## Exercise brief
Everything from the line containing "this 1600×900 image." through the end of the entries should be output exactly; nothing before it is wanted.

## Data shown
—————

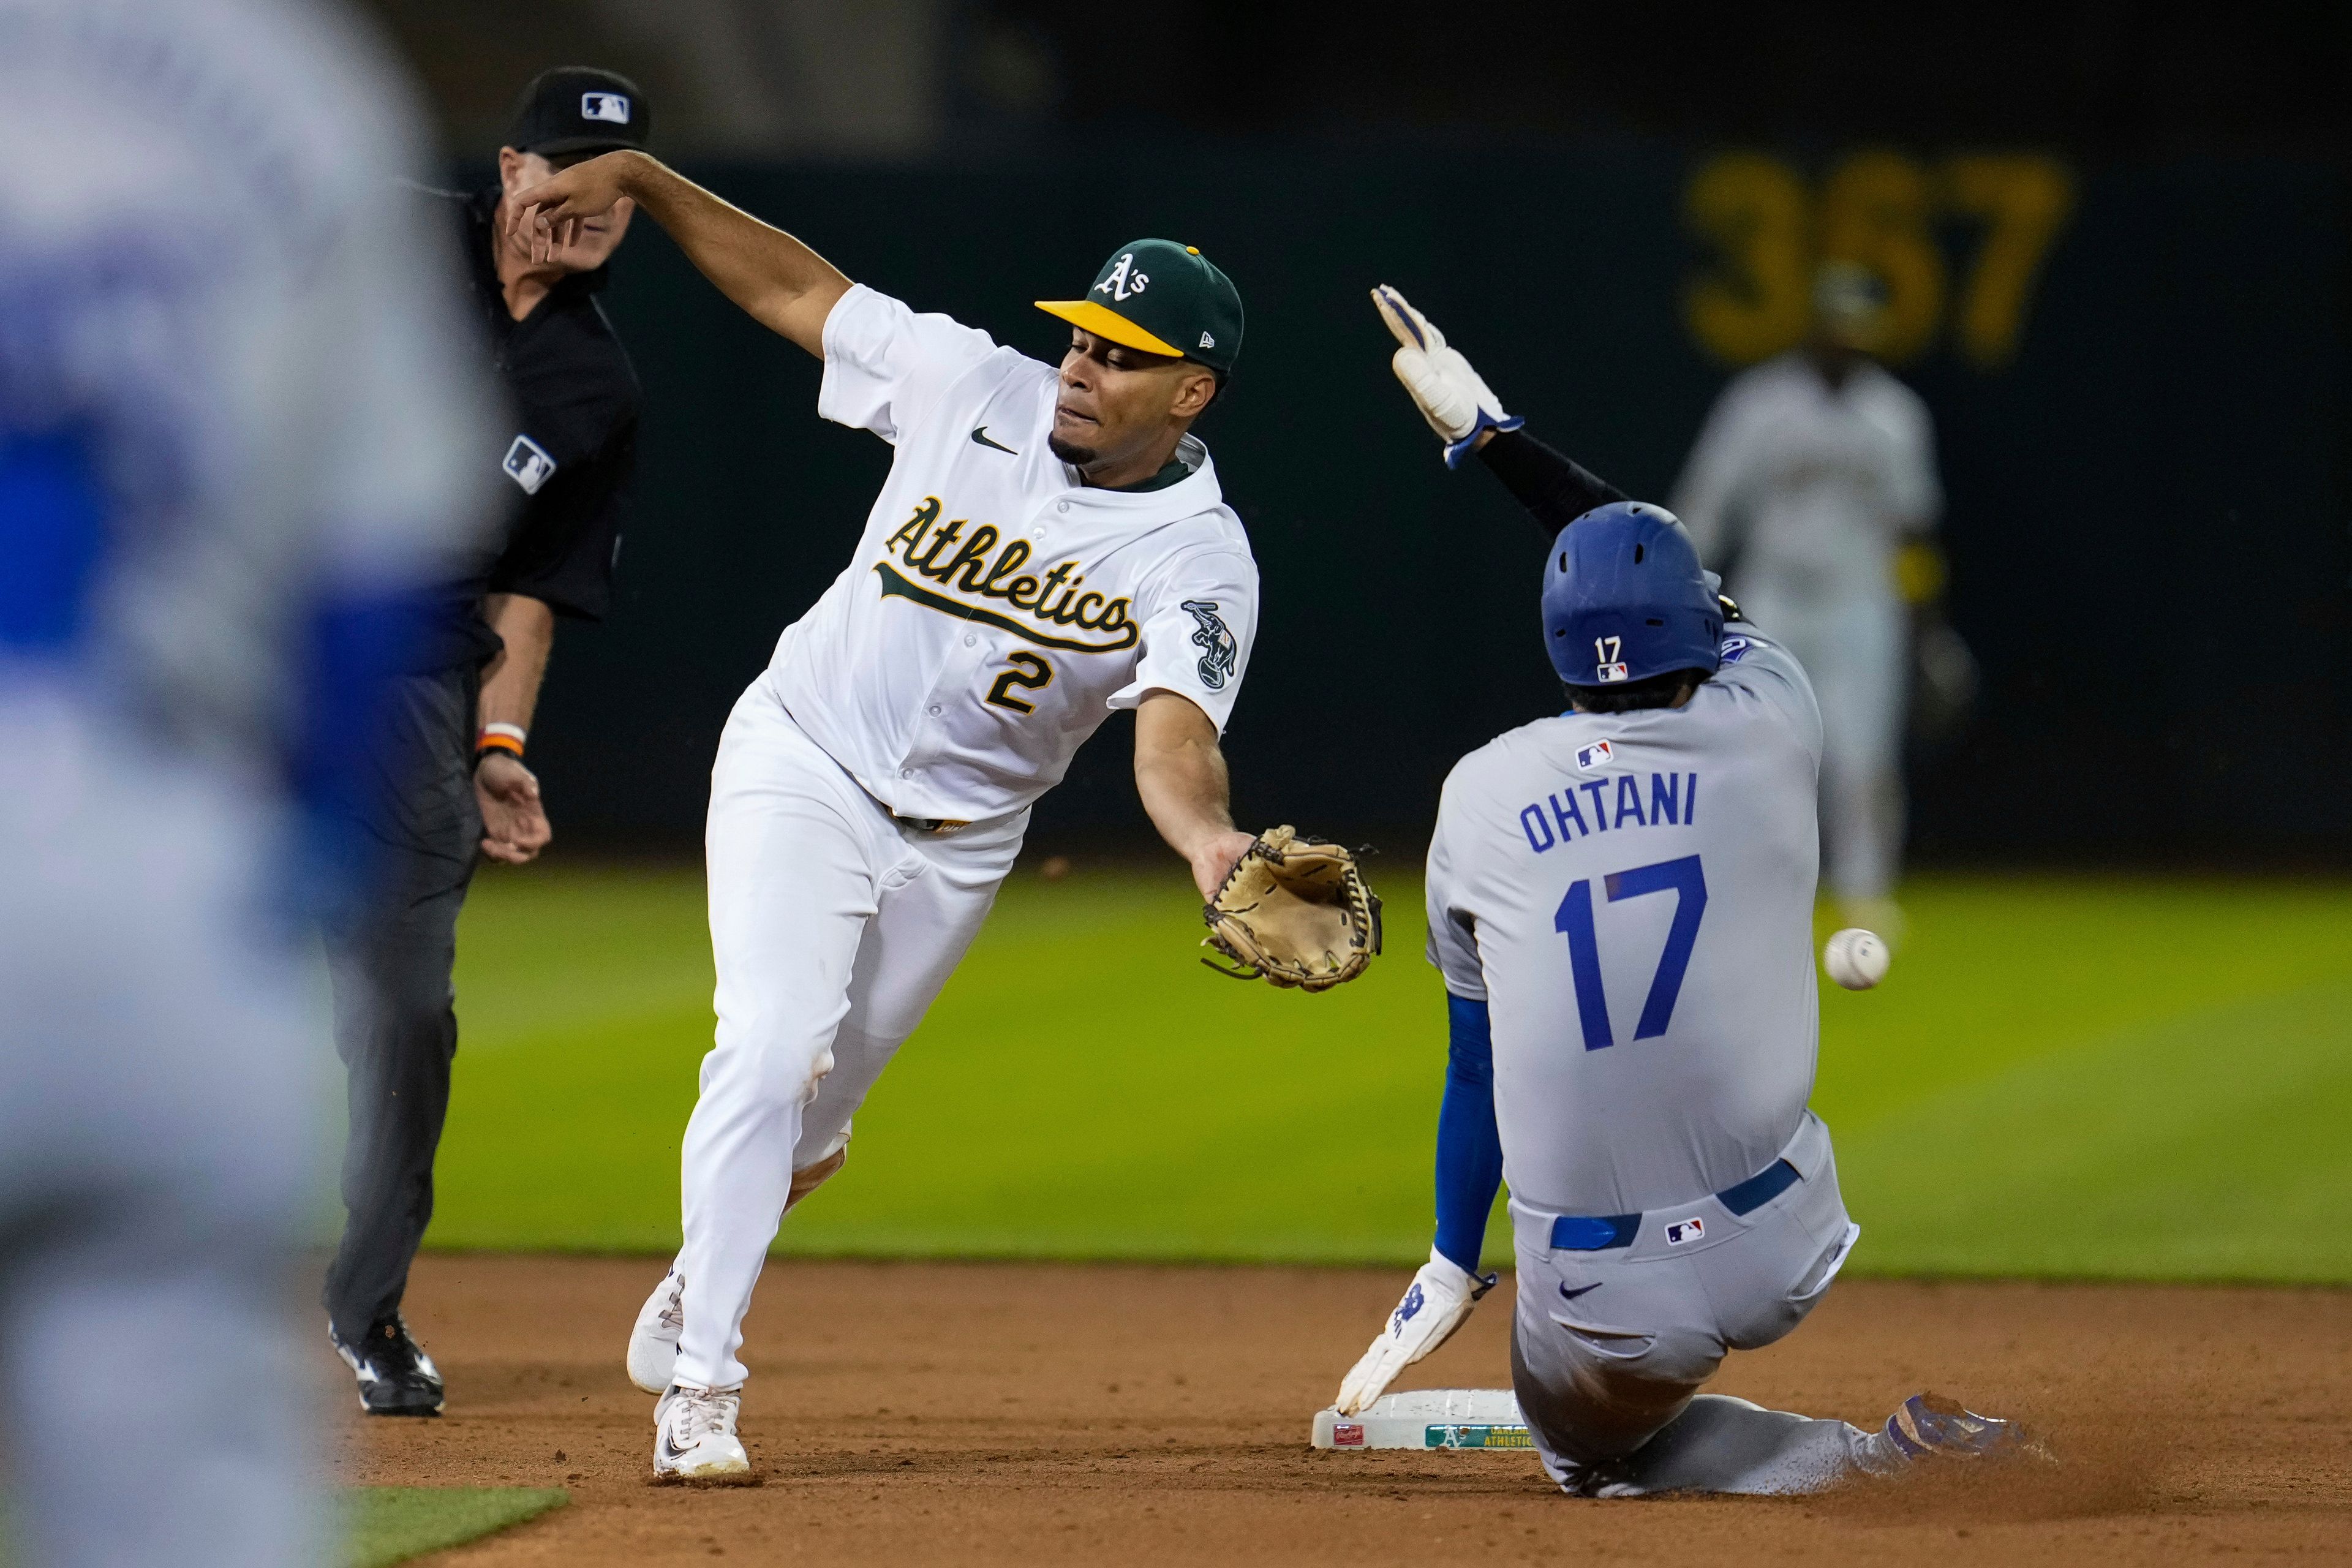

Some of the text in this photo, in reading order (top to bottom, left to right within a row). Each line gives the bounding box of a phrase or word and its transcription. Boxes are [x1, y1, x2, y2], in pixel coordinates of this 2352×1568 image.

[1094, 253, 1149, 301] A's
[1687, 153, 2074, 371] 367
[883, 496, 1133, 631] Athletics
[984, 650, 1054, 716] 2
[1595, 636, 1621, 663] 17
[1520, 772, 1697, 853] OHTANI
[1555, 854, 1708, 1051] 17
[1484, 1436, 1534, 1447] ATHLETIC
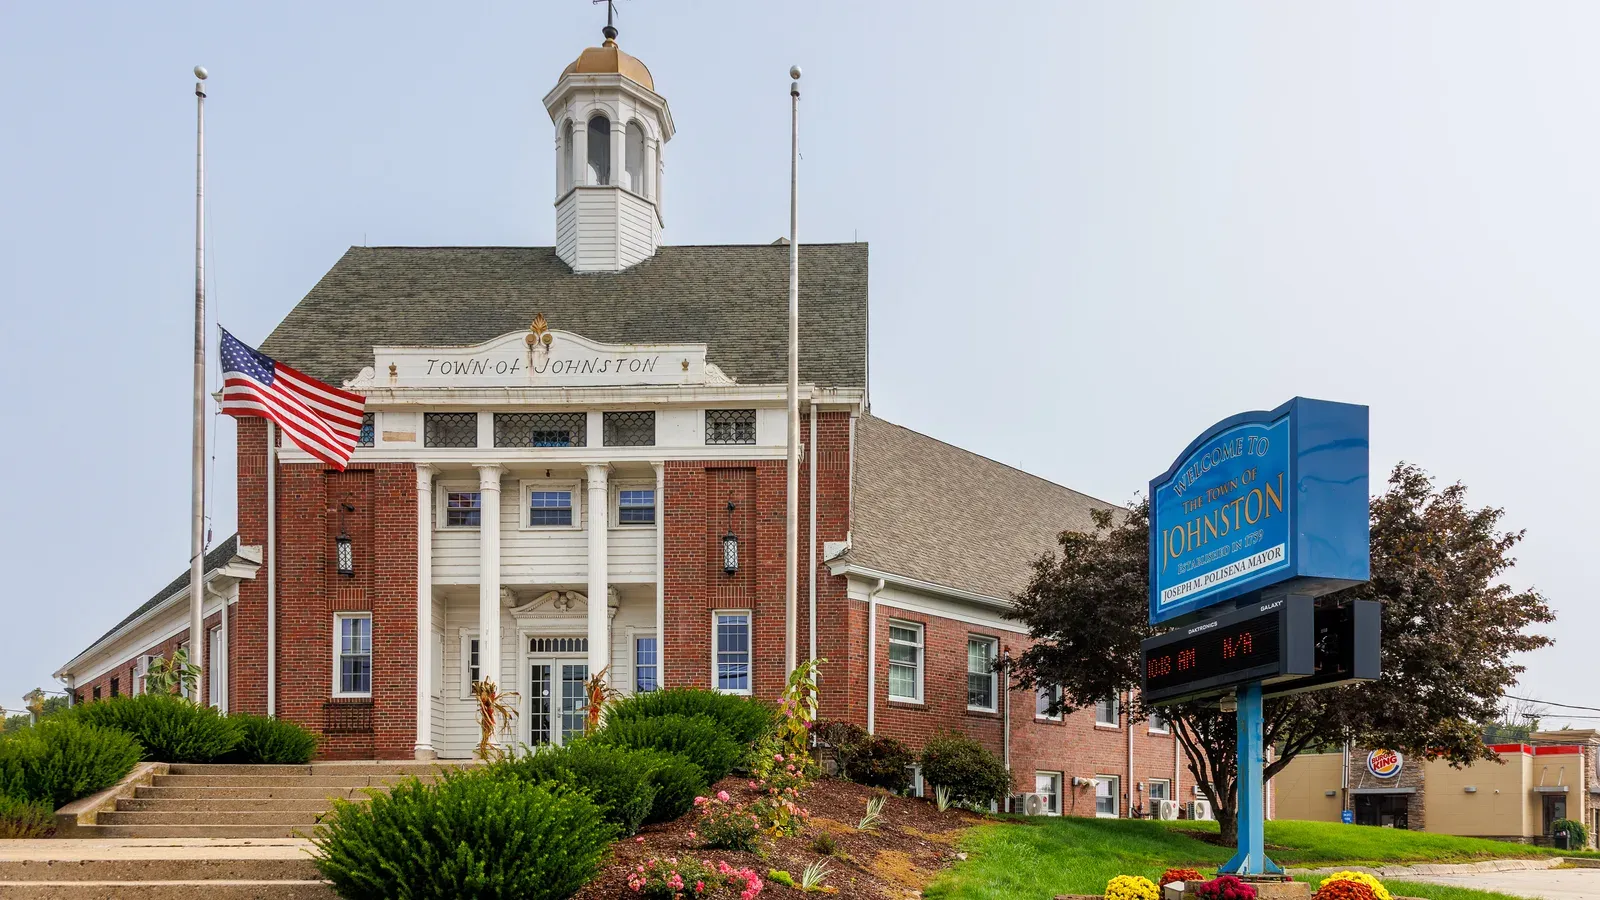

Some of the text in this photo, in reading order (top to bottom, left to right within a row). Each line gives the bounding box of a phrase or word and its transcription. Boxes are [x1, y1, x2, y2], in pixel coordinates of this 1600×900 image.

[426, 358, 491, 375] TOWN
[534, 356, 659, 375] JOHNSTON
[1173, 435, 1270, 498] WELCOME TO
[1183, 496, 1203, 515] THE
[1206, 477, 1238, 504] TOWN
[1161, 471, 1285, 574] JOHNSTON
[1231, 539, 1243, 553] IN
[1244, 529, 1265, 548] 1759
[1163, 547, 1282, 602] JOSEPH M. POLISENA MAYOR
[1188, 620, 1218, 635] DAKTRONICS
[1178, 647, 1195, 671] AM
[1373, 755, 1398, 771] KING

—————

## Answer to the problem
Some of the text in this photo, in reading order (top to bottom, left to right within a row). Each line gives the bounding box of a phrase or word and its transcription. Boxes are [x1, y1, x2, y2], in pixel coordinates of this 1600×900 image.

[426, 358, 491, 375] TOWN
[534, 356, 659, 375] JOHNSTON
[1173, 435, 1270, 498] WELCOME TO
[1183, 496, 1203, 515] THE
[1206, 477, 1238, 504] TOWN
[1161, 471, 1285, 574] JOHNSTON
[1231, 539, 1243, 553] IN
[1244, 529, 1265, 548] 1759
[1163, 547, 1282, 602] JOSEPH M. POLISENA MAYOR
[1188, 620, 1218, 635] DAKTRONICS
[1178, 647, 1195, 671] AM
[1373, 755, 1398, 771] KING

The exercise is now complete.